The Who breathes fire on stage in Boston
By NICK TAVARES
STATIC and FEEDBACK editor
The stigma around "old" bands touring is an appropriate one. Many of the bands on the nostalgia circuits really don't have any passion for what they do anymore, never mind the right to still be on a stage pretending they're 25 years old. Night after night, bands run through sets with greatest hits, talk about the good ole' days, and pat themselves on the back for doing such a good job back in 1975.
Look no further than the opening act, the Pretenders. Yes, they still sound very good. Chrissie Hynde and the boys are still in great shape and can put on a great set. But that set hasn't changed much since 1989, and the constant referencing to glories of the past wore very thin very quickly. It became something of a sad sight; sure, they've made a good living and are likely still enjoying themselves, but what's left to keep them going at this point?

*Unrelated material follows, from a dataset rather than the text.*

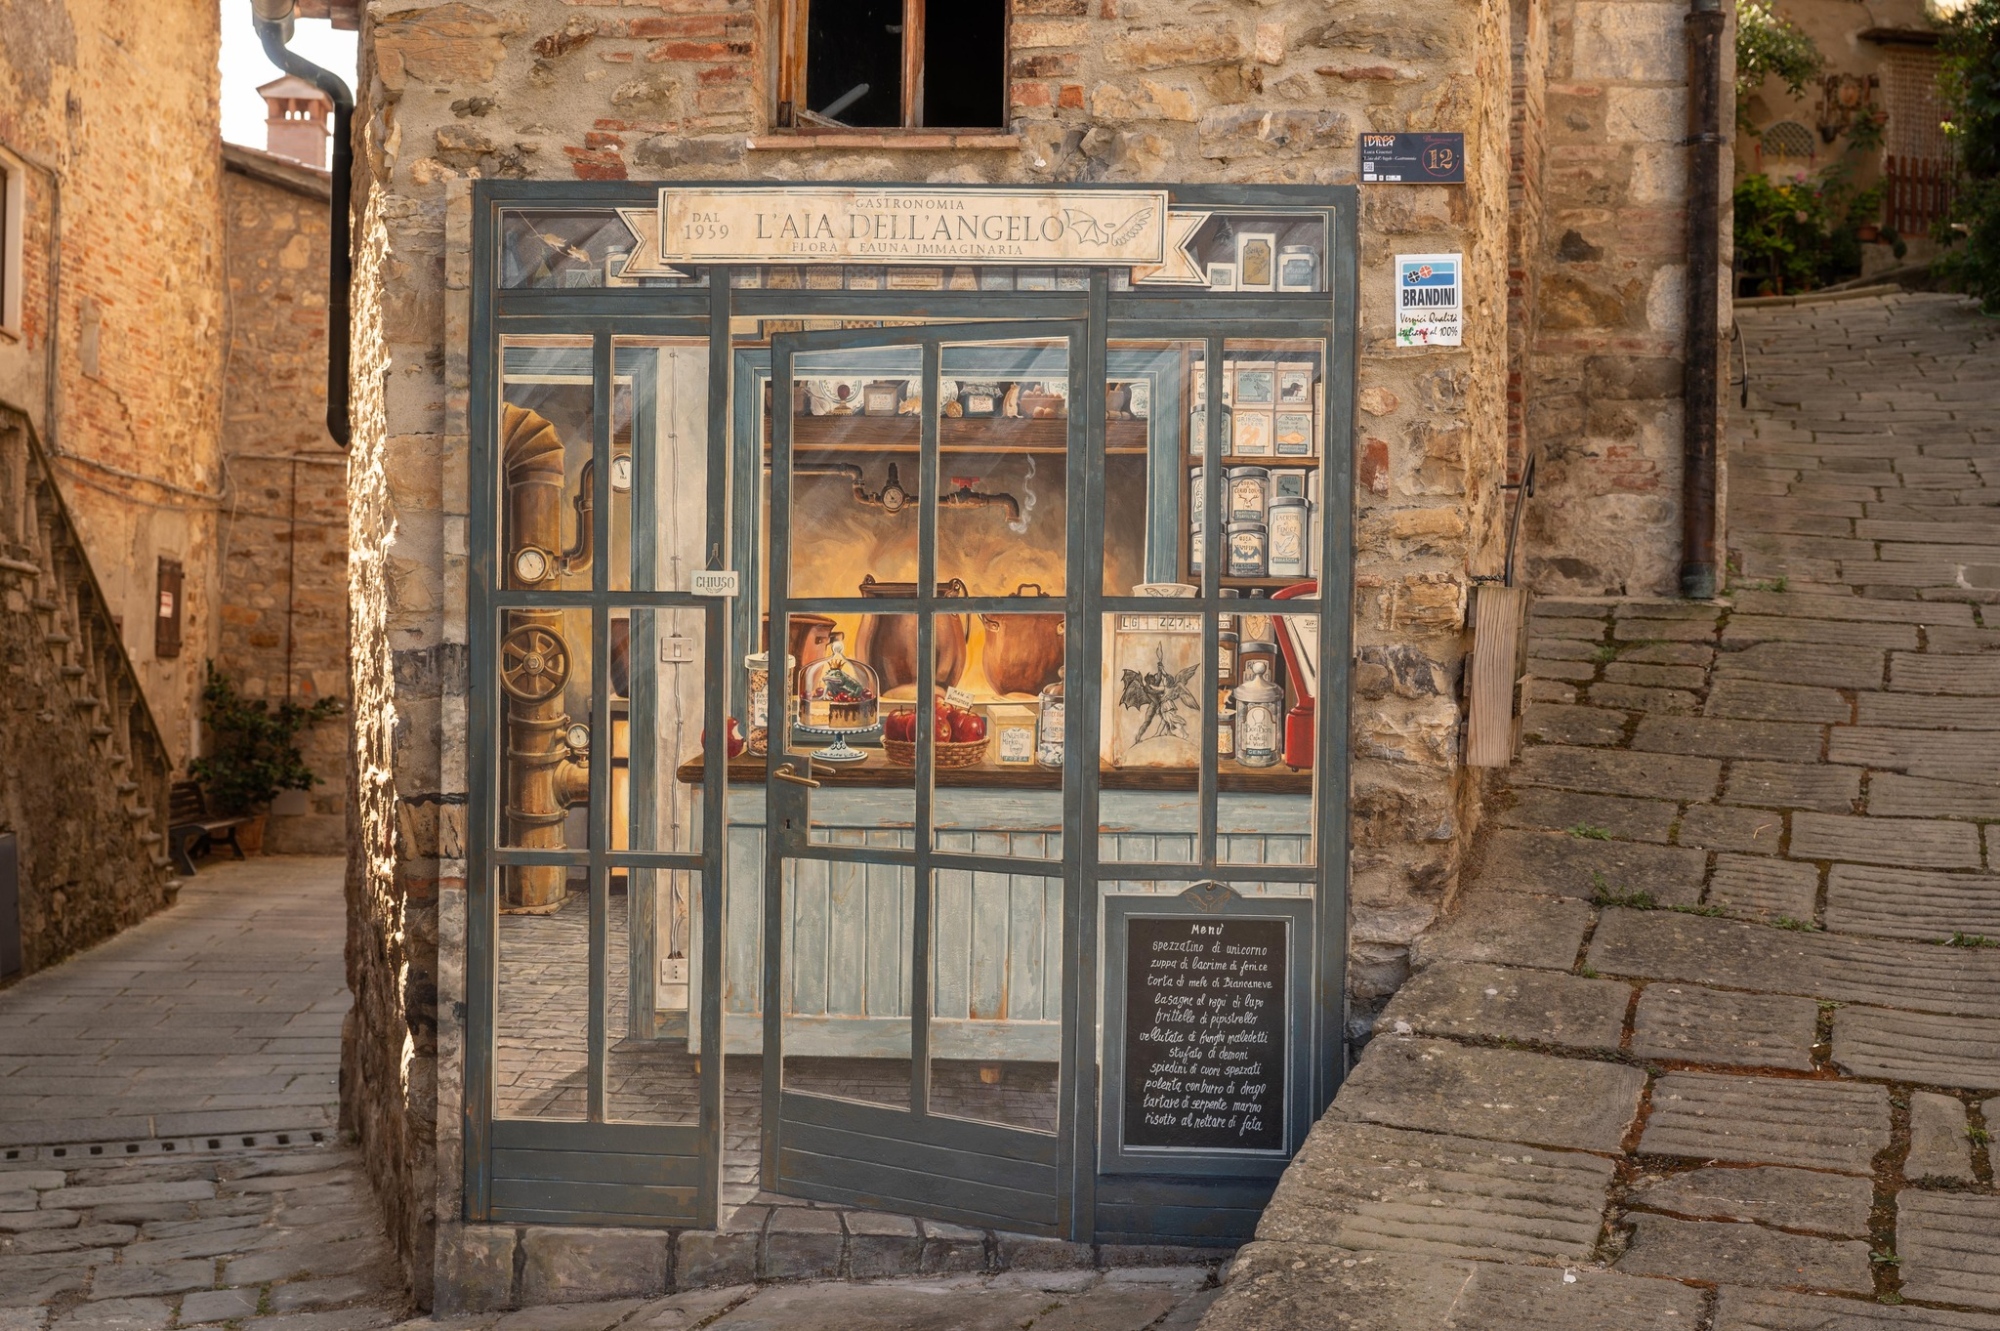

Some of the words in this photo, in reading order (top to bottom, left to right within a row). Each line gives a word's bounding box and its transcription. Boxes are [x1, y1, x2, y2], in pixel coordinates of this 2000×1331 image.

The Who have been accused of the same thing by some. But, from the first notes of "I Can't Explain" through "The Seeker" and "Anyway, Anyhow, Anywhere," the difference is obvious. Forget for a moment that the histories of the two bands are totally different; the energy, determination and ferocity of the music carries the band through their music. The Who did the oldies act bit once — on an ill-fated 1989 tour — but every tour since then has been markedly better, the band having learned from their sins. The band that took the stage on this night in Boston was not interested in being simply a juke box for fans of old; this band was on stage to prove something.
The Who, now composed of Roger Daltrey and Pete Townshend along with bassist Pino Palladino, guitarist Simon Townshend and drummer extraordinaire Zak Starkey, are a tight, fire-breathing unit that has the ability to revamp the old tunes with vigor while pumping out new music. The old songs have new life forced into them. For instance, "Who Are You" sounds noticeably different onstage than it did when the Who first toured it in 1979, while "Eminence Front" has a new, dangerous edge that was totally absent from their "farewell" tour in 1982.

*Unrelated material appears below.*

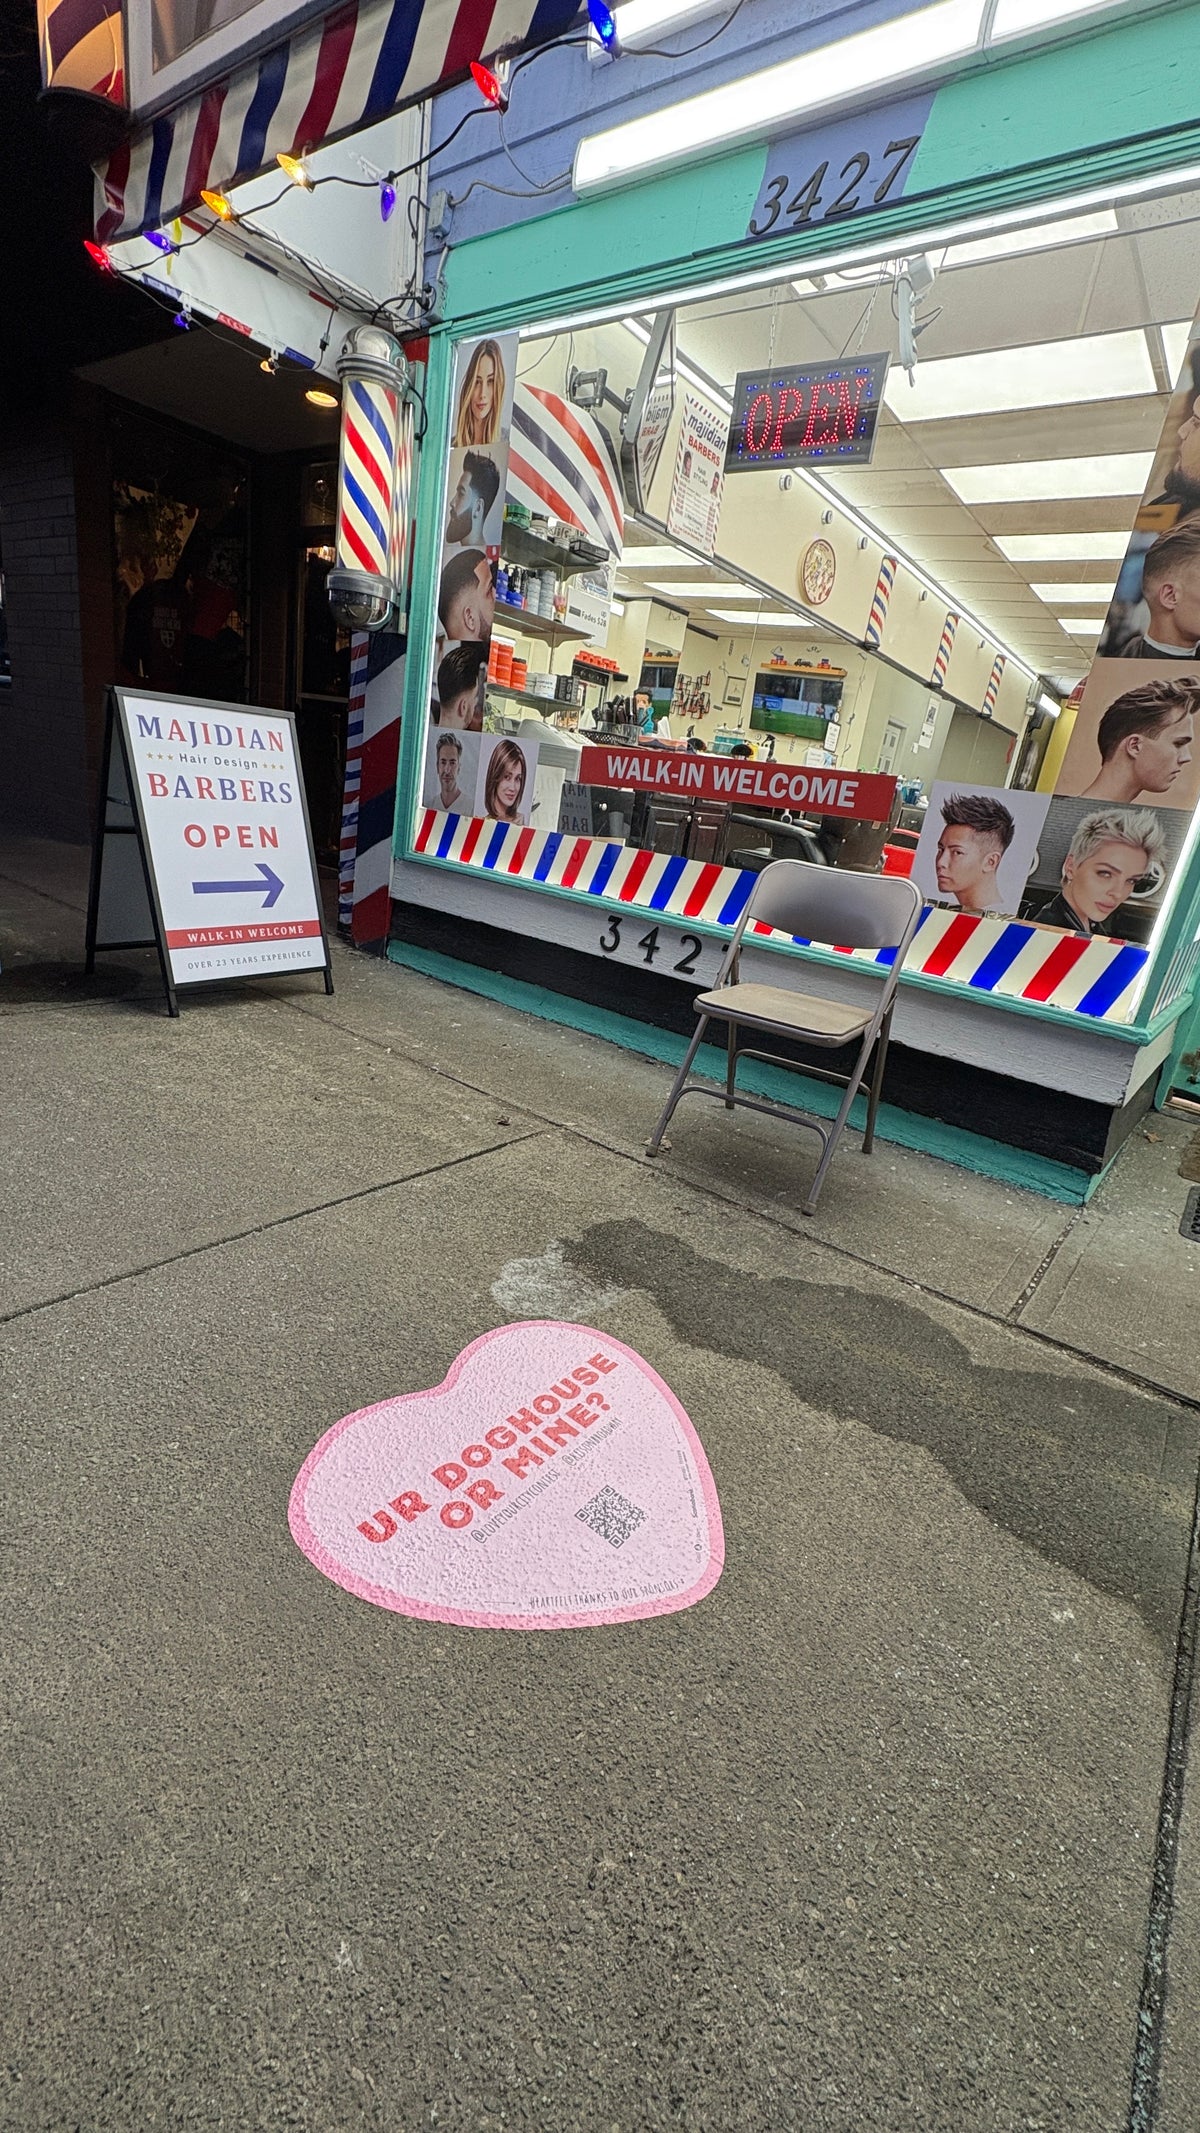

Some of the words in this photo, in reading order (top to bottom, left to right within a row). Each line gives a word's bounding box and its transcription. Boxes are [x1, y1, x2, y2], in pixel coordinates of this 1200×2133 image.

And, of course, the Who also have a new album in Endless Wire that they obviously believe in. No less than 11 of the 19 tracks were played on this night in Boston, and they were not only given passionate, inspired readings, the crowd responded to them as ferociously as many of the old numbers.
Townshend, still the leader and emotional center of the Who, is dynamite as a 61-year-old kid. Still leaping, still shouting, and still singing and playing with passion, his energy feeds into the crowd, and vice versa. There's an emotional attachment to each lyric and each solo, with every note pounded and wind-milled out of his Stratocaster with a stinging bite. And in all honesty, Daltrey has no business sounding this good at age 62. But then again, a lot of folks involved with the Who probably thought he had no business abstaining from cigarettes and alcohol in the 70s, never mind going to bed at a reasonable hour for all those years. As a result, the sheer power of his voice, from the climatic scream of "Won't Get Fooled Again" or the catharsis of "Tea & Theatre," has the ability to physically move the room.
The combination of these two and their shared enthusiasm keeps songs like "My Generation" and "Baba O'Riley" from sounding silly. The youthful energy is there, though tempered with the wisdom of age. But the stage presence and showmanship can't be argued — they're incredible live performers.
After the controlled chaos of "Sparks" and the emotional crunch of "See Me, Feel Me," Palladino, Starkey and Simon Townshend quietly exited the stage, Pete Townshend picked up his acoustic guitar, and Daltrey stood with a mug of tea at the mic stand. Through the haunting finale, the conclusion of Townshend's "Wire & Glass" eerily mirrored the current stage of the Who. All that was left, after years of smashed guitars, destroyed hotel rooms, the Hall of Fame, gold records, new cars, drugs, booze, marriages and divorces were two friends, playing on stage in memory of their fallen brothers. It was powerful, to be certain. Having the guts to close with a new song — could you imagine the Stones trying that without falling on their faces? — proves the band's new material really is up to the snuff of their best work.
It's that belief and will to pave new grounds while paying respect to the past that makes this version of the Who work. It's not the same band that rocked Charlton in 1974, but they don't pretend it is. This is a band that puts on an incredible show in 2006, night in and night out. This is a band who believes in their music, new and old, and this is a band who should tour as long as they feel up to it. Because there's no way, after watching them in action, that they would ever allow themselves to give less than 100 percent on stage.
That wouldn't be respectful to the fans, to John Entwistle and Keith Moon, and to the music they've been making for more than 40 years. And the music is what keeps the Who alive.